:: Task requirements ::
In your answer, set down the records below exactly as they stand, omitting pictures.

[Source data]

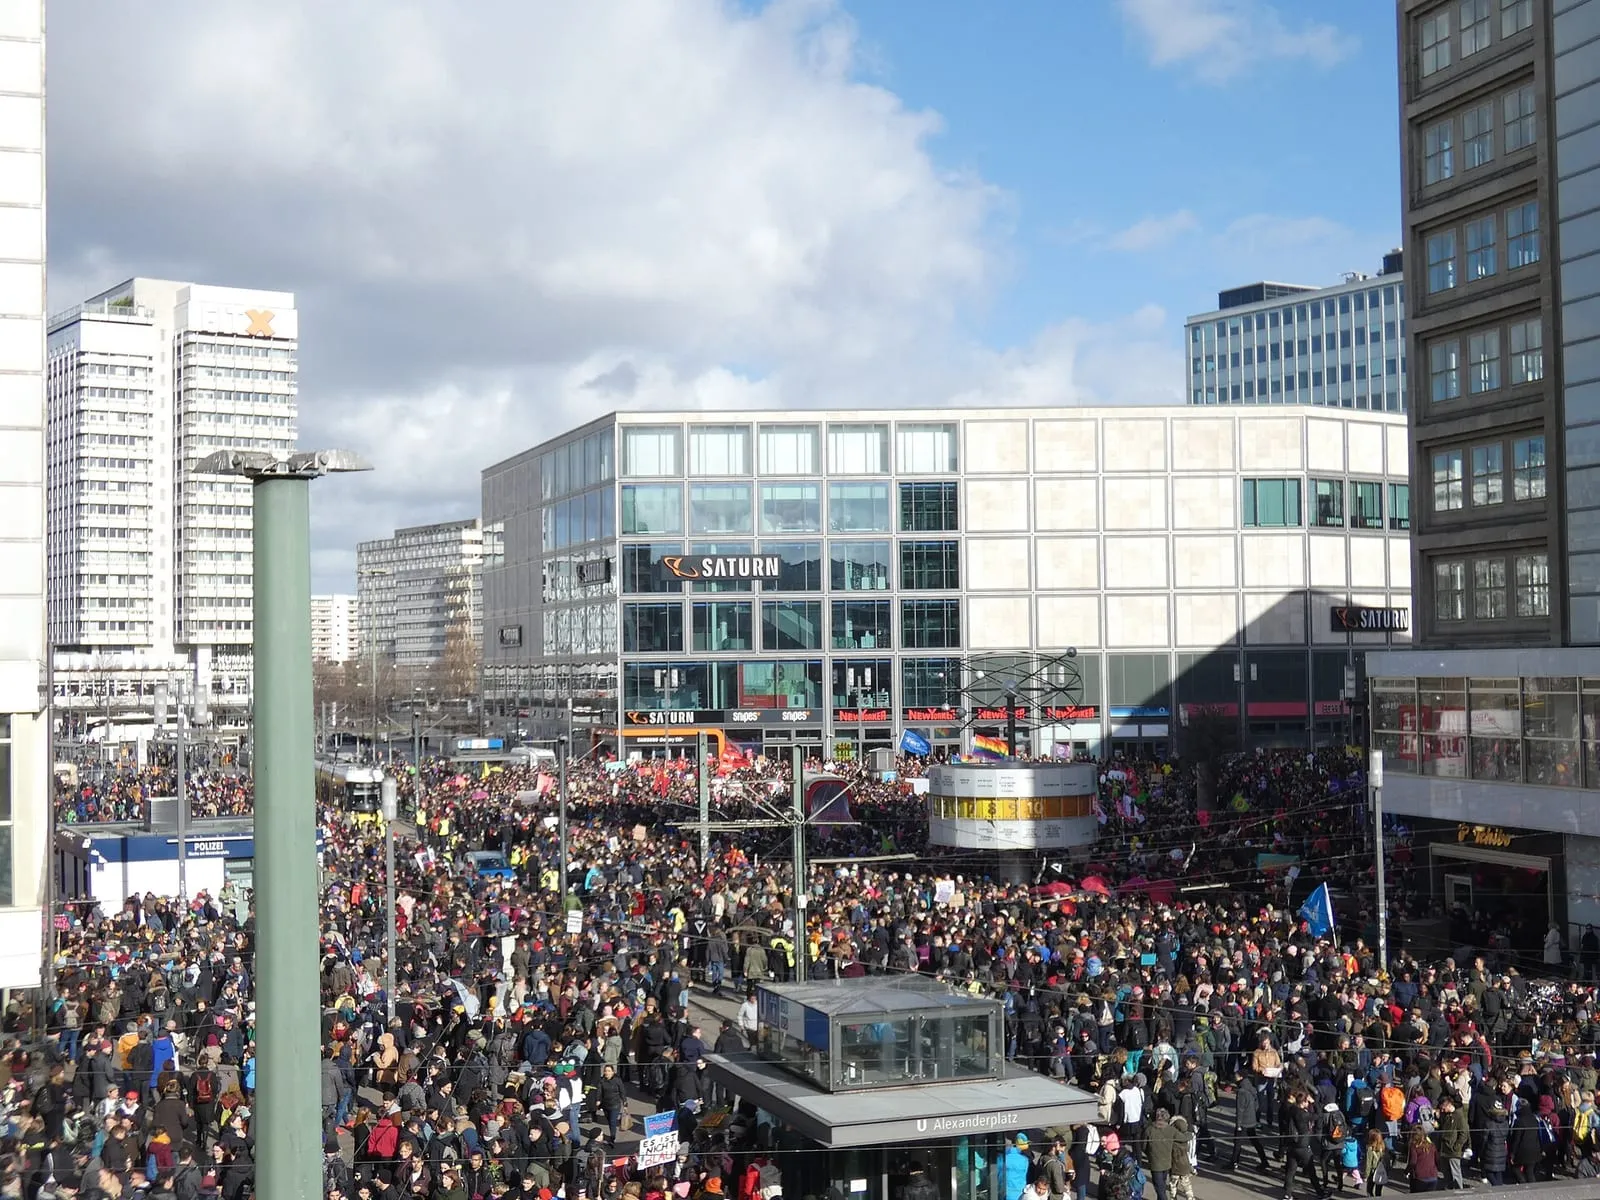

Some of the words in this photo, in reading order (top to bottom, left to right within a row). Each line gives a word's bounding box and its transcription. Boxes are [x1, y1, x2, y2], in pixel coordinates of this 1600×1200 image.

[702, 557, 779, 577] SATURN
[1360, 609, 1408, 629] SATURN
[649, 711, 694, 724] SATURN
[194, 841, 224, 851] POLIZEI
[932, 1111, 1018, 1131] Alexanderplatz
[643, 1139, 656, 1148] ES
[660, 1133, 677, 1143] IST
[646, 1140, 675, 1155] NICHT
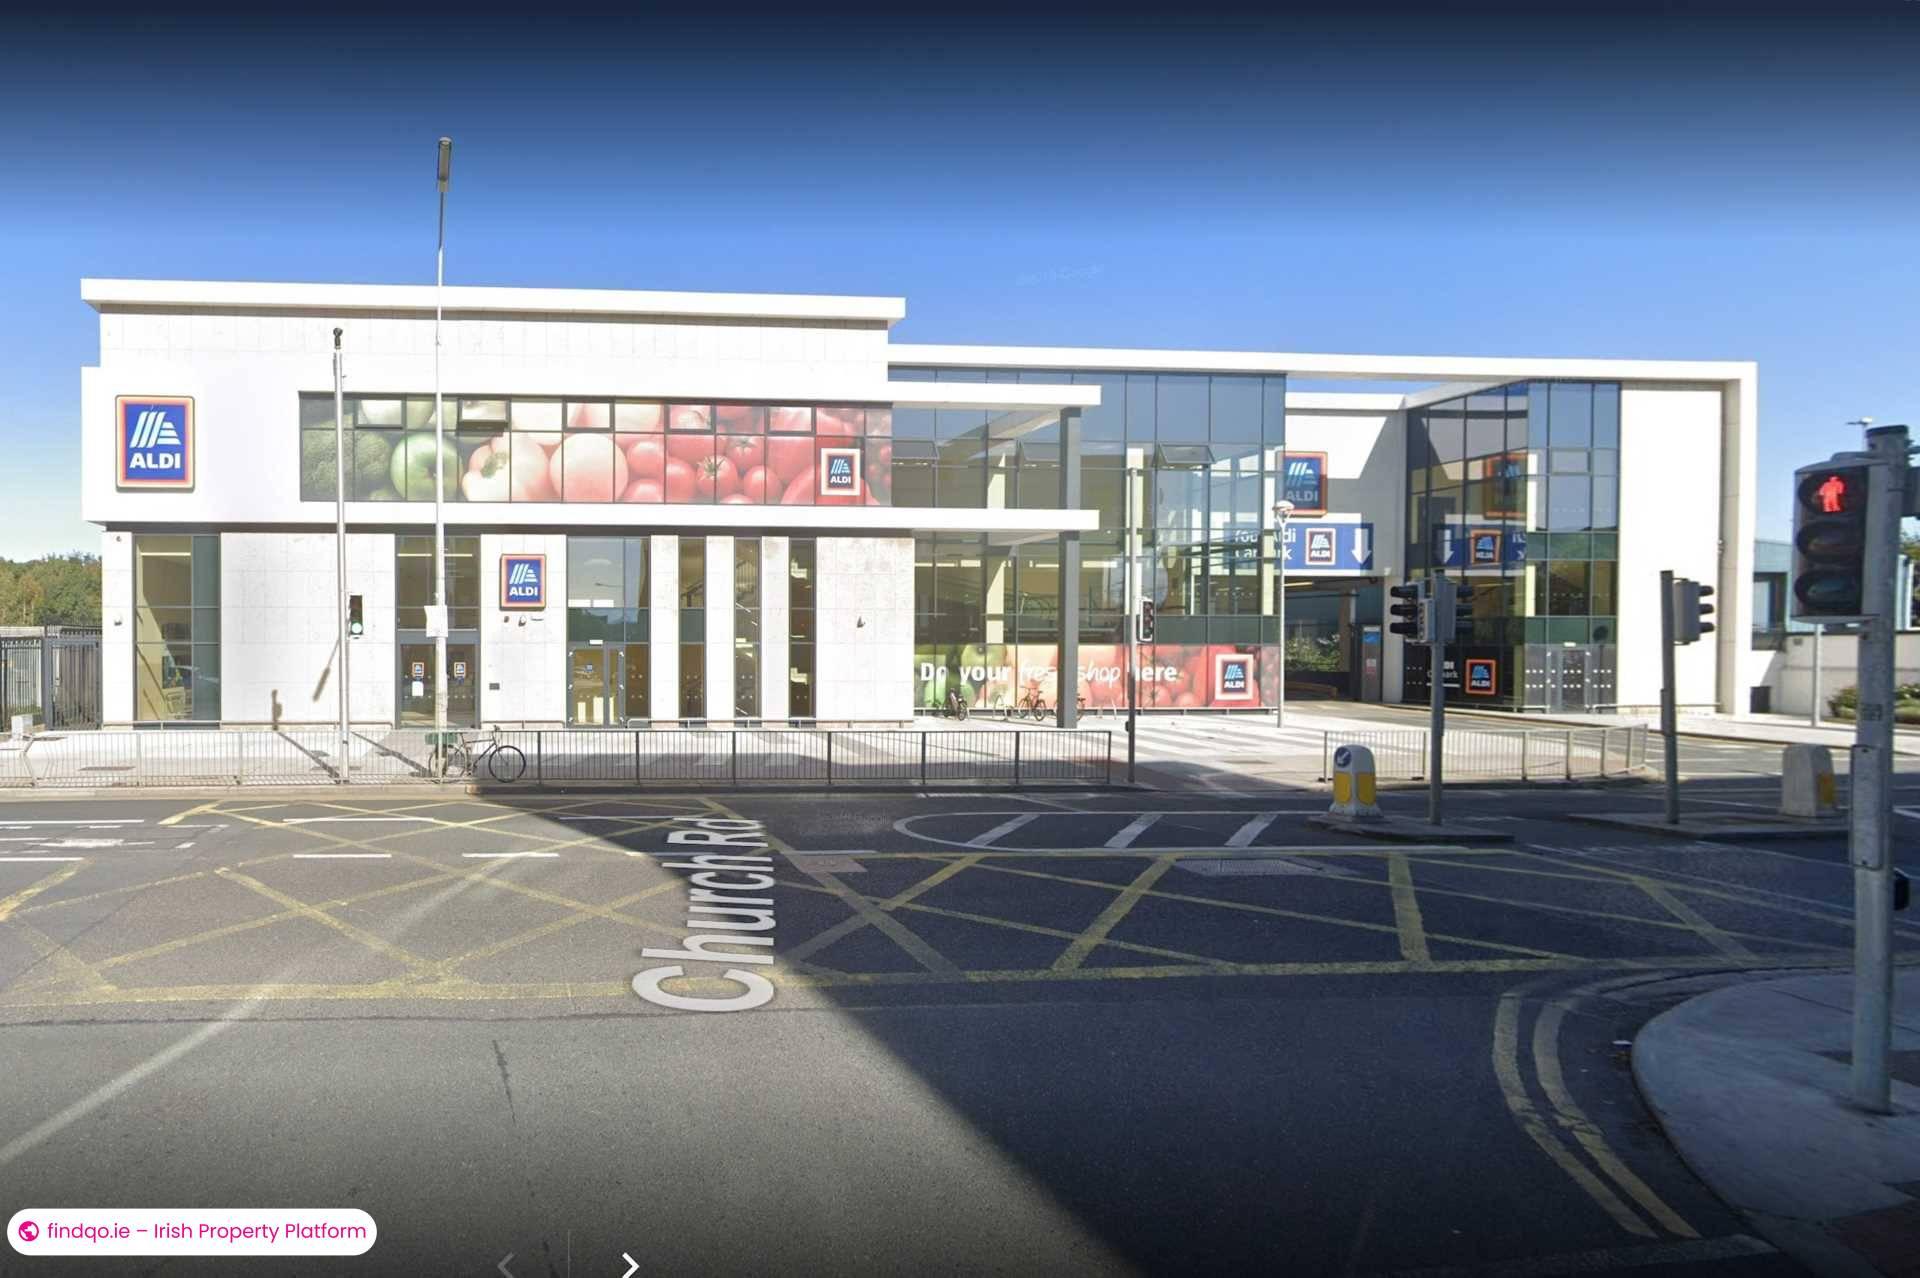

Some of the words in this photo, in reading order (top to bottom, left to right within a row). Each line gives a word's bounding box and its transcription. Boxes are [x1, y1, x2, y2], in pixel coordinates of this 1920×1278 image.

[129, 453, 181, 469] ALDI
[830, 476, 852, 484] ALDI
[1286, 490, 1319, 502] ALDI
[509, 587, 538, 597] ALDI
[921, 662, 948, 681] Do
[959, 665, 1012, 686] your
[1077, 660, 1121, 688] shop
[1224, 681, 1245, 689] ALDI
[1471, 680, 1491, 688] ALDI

:: Response ::
Some of the words in this photo, in reading order (top to bottom, left to right within a row). Each line gives a word's bounding box and its transcription. Boxes are [x1, y1, x2, y2], in pixel coordinates of this 1600×1200 image.

[702, 557, 779, 577] SATURN
[1360, 609, 1408, 629] SATURN
[649, 711, 694, 724] SATURN
[194, 841, 224, 851] POLIZEI
[932, 1111, 1018, 1131] Alexanderplatz
[643, 1139, 656, 1148] ES
[660, 1133, 677, 1143] IST
[646, 1140, 675, 1155] NICHT

Some of the words in this photo, in reading order (top to bottom, left to right within a row). Each line gives a word's bounding box and its transcription. Boxes are [x1, y1, x2, y2], in pixel coordinates of this 1920×1278 image.

[129, 453, 181, 469] ALDI
[830, 476, 852, 484] ALDI
[1286, 490, 1319, 502] ALDI
[509, 587, 538, 597] ALDI
[921, 662, 948, 681] Do
[959, 665, 1012, 686] your
[1077, 660, 1121, 688] shop
[1224, 681, 1245, 689] ALDI
[1471, 680, 1491, 688] ALDI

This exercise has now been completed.